►
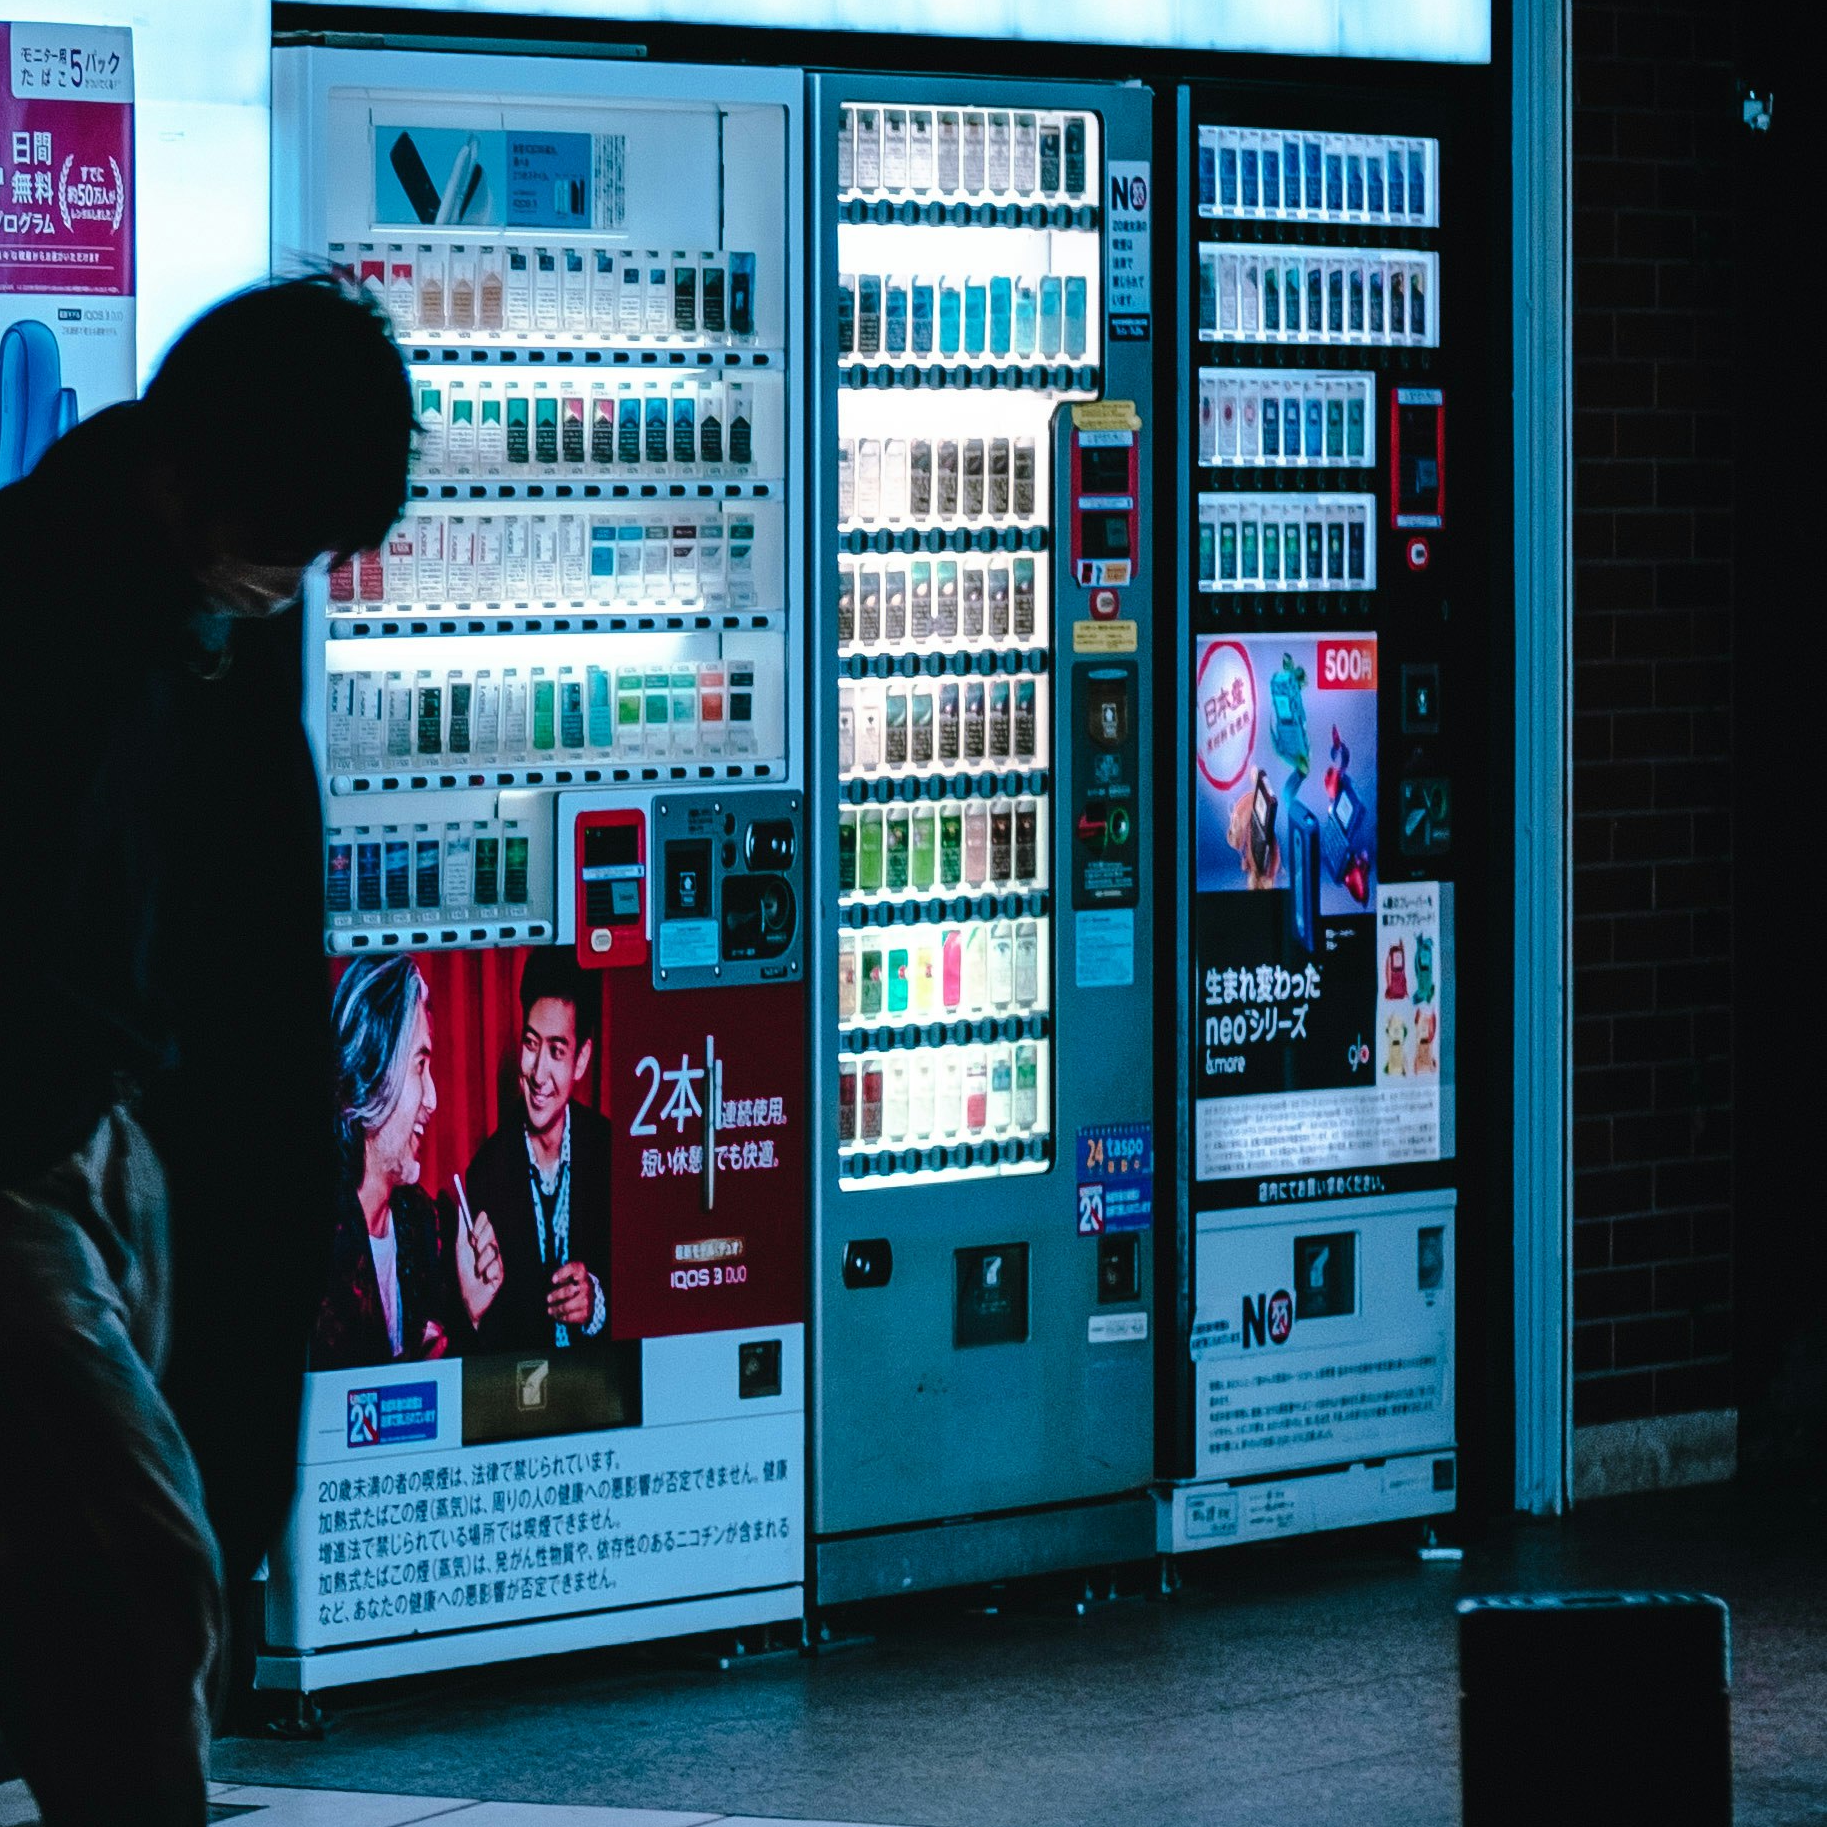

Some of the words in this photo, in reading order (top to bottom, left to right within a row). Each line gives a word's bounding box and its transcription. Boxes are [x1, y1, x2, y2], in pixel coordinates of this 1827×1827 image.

[12, 130, 52, 166] 日間
[11, 170, 54, 206] 無料
[1205, 962, 1321, 1006] 生まれ変わった
[1105, 1136, 1145, 1160] taspo
[670, 1268, 711, 1291] IQOS
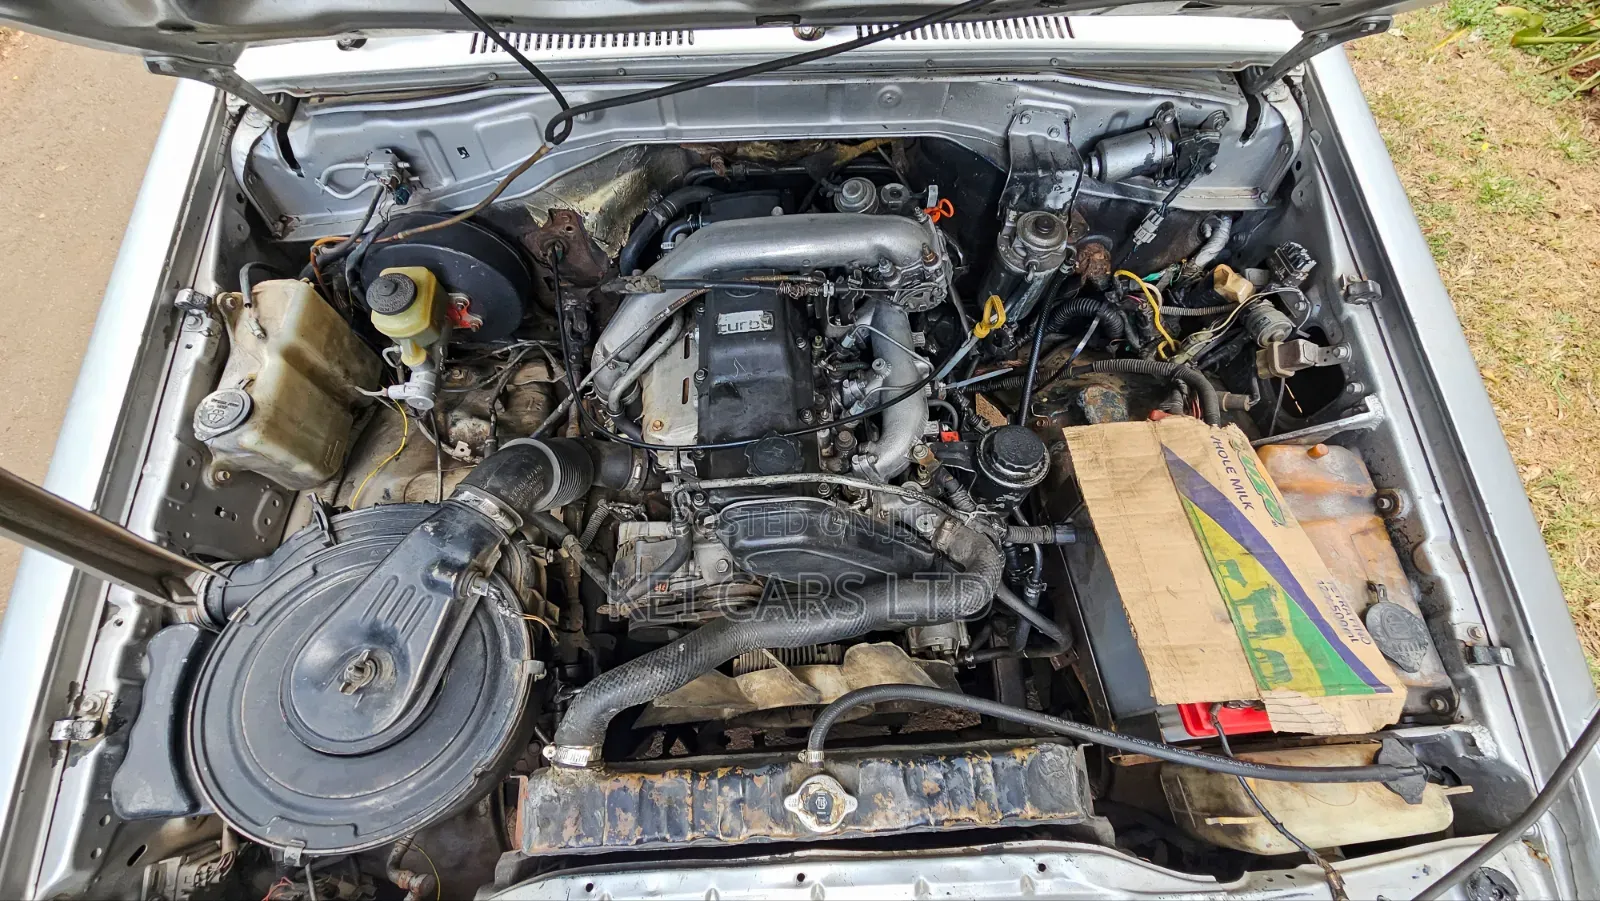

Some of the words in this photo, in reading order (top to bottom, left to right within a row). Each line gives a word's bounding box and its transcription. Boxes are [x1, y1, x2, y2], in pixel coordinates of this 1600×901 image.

[717, 319, 768, 333] turb
[1229, 478, 1255, 511] MILK
[1044, 714, 1062, 724] FUEL
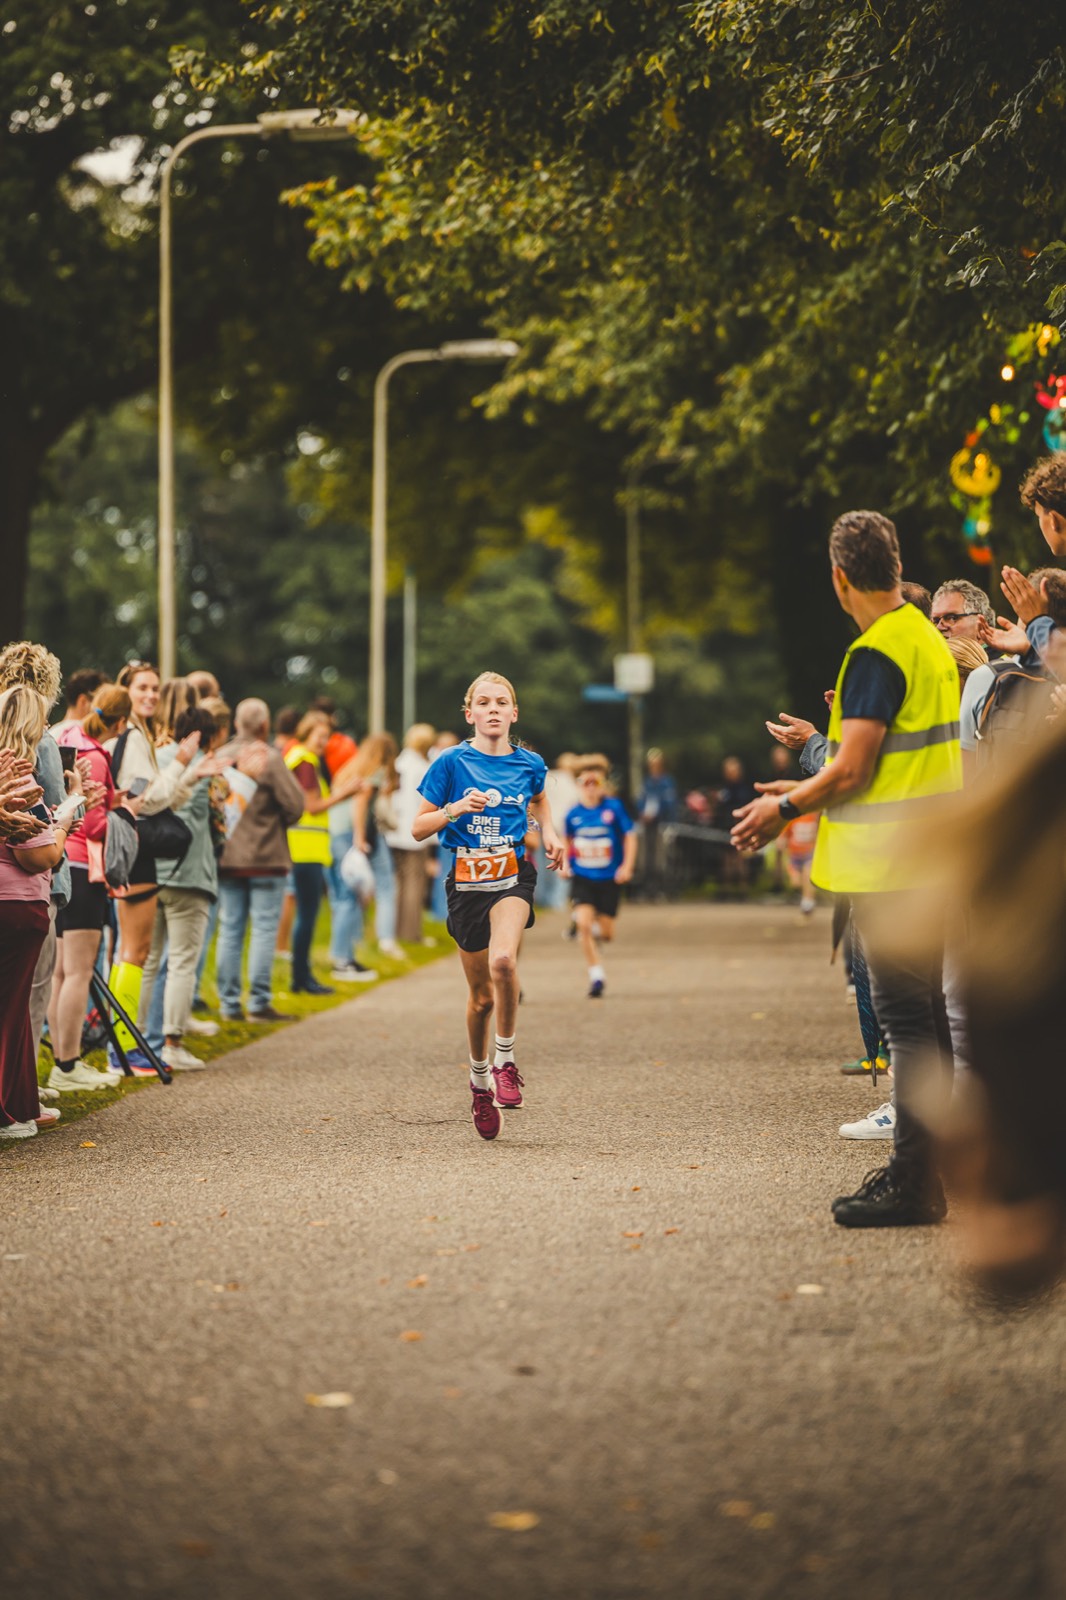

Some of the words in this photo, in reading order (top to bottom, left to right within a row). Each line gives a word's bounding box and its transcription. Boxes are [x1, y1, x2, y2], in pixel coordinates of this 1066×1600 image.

[472, 815, 501, 827] BIKE
[466, 823, 500, 836] BASE
[480, 834, 514, 846] MENT
[466, 856, 508, 880] 127
◄
Work task. Where an entry includes an image, leave that image out; otherwise, reproduce everything exactly.

Task response.
Some of the words in this photo, in reading order (top to bottom, left to right within a row). Each line gives a word's bounding box and its transcription. Boxes are [x1, y1, x2, y2], in pixel coordinates of this 1827×1827 image.

[12, 130, 52, 166] 日間
[11, 170, 54, 206] 無料
[1205, 962, 1321, 1006] 生まれ変わった
[1105, 1136, 1145, 1160] taspo
[670, 1268, 711, 1291] IQOS

Some of the words in this photo, in reading order (top to bottom, left to right within a row). Each line gives a word's bounding box and its transcription. Boxes are [x1, y1, x2, y2], in pixel coordinates of this 1600×901 image.

[717, 319, 768, 333] turb
[1229, 478, 1255, 511] MILK
[1044, 714, 1062, 724] FUEL

Some of the words in this photo, in reading order (top to bottom, left to right within a row). Each line gives a word's bounding box and its transcription. Boxes are [x1, y1, x2, y2], in pixel coordinates of this 1066×1600 image.

[472, 815, 501, 827] BIKE
[466, 823, 500, 836] BASE
[480, 834, 514, 846] MENT
[466, 856, 508, 880] 127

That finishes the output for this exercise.